I have to calculate the series \sum_{k=2}^\infty(\frac{1}{k}-\frac{1}{k+2}) Using the definition: L=\lim_{n\to\infty}S_n=\lim_{n\to\infty}\sum_{k=0}^n a^k Obviously \lim_{n\to\infty}(\frac{1}{n}-\frac{1}{n+2})=0,

As suggested from the comment by JMoravitz, you should write down the series explicitly and see if you can see something interesting:
${\displaystyle \sum _2^{\mathrm{\infty }}(\frac{1}{k}-\frac{1}{k+2})=(\frac{1}{2}-\frac{1}{4})+(\frac{1}{3}-\frac{1}{5})+(\frac{1}{4}-\frac{1}{6})+(\frac{1}{5}-\frac{1}{7})+(\frac{1}{6}-\frac{1}{8})+\dots }$
From here, you can see which terms are cancelling with one another and which one is left.... Essentially you should see that all the terms will cancel with each other except the ${\displaystyle \frac{1}{2}}$ and ${\displaystyle \frac{1}{3}}$.
Therefore, the answer is ${\displaystyle \frac{5}{6}}$.

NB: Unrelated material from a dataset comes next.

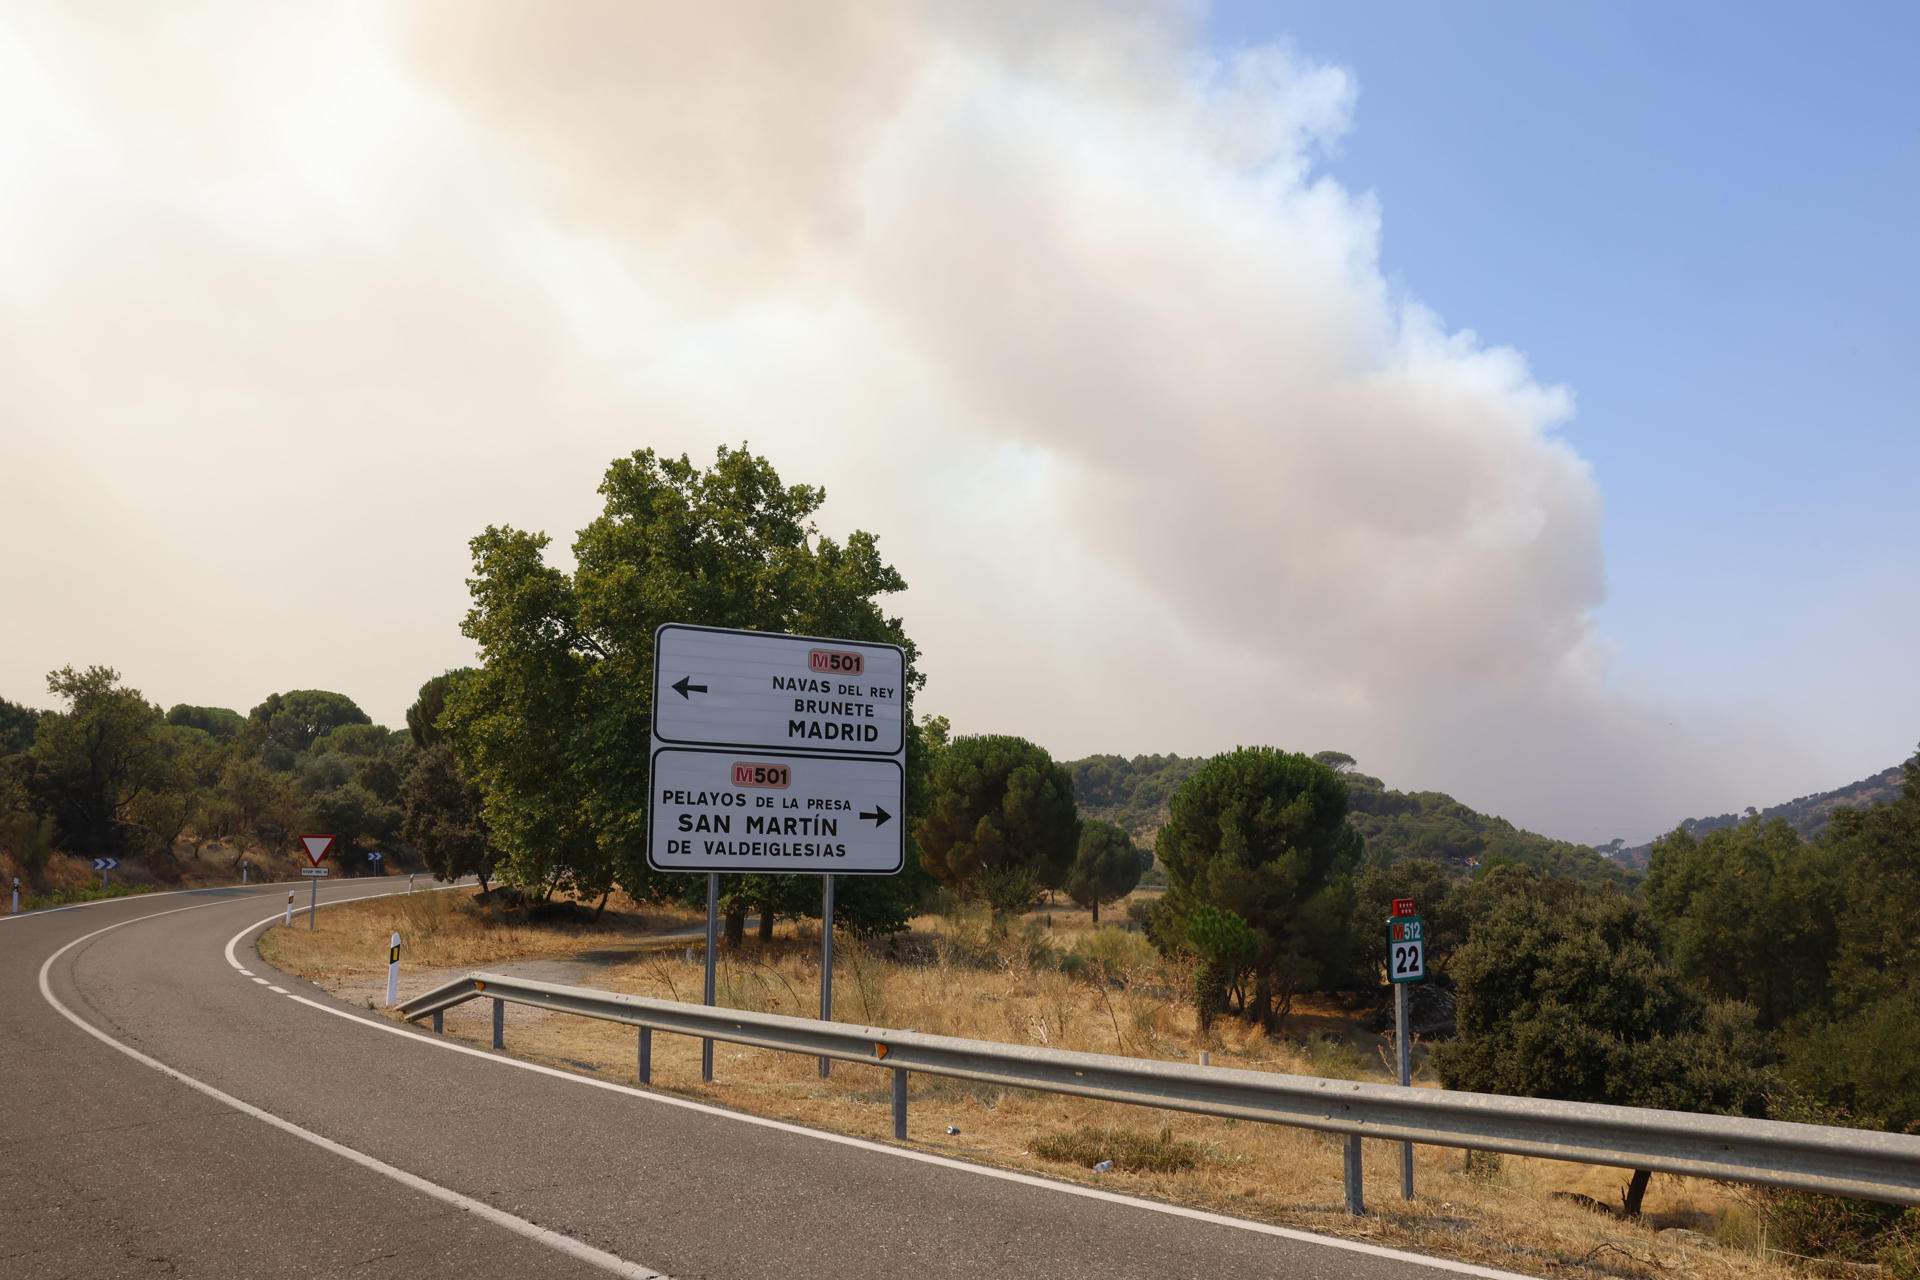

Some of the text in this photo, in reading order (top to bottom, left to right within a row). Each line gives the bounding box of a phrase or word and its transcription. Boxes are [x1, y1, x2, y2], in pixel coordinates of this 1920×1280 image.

Another, Different way that uses limit like you wanted to is to find the partial sum! You first compute, $S_2=\frac{1}{2}-\frac{1}{4},S_3=S_2+(\frac{1}{3}-\frac{1}{5})$ and so on... What you will find (and you can prove this fact by induction) is that
$S_n=\frac{5n^2+3n-8}{6(n+1)(n+2)}$
Now,
$\underset{n\to \mathrm{\infty }}{lim}\frac{5n^2+3n-8}{6n^2+18n+12}=\frac{5}{6}$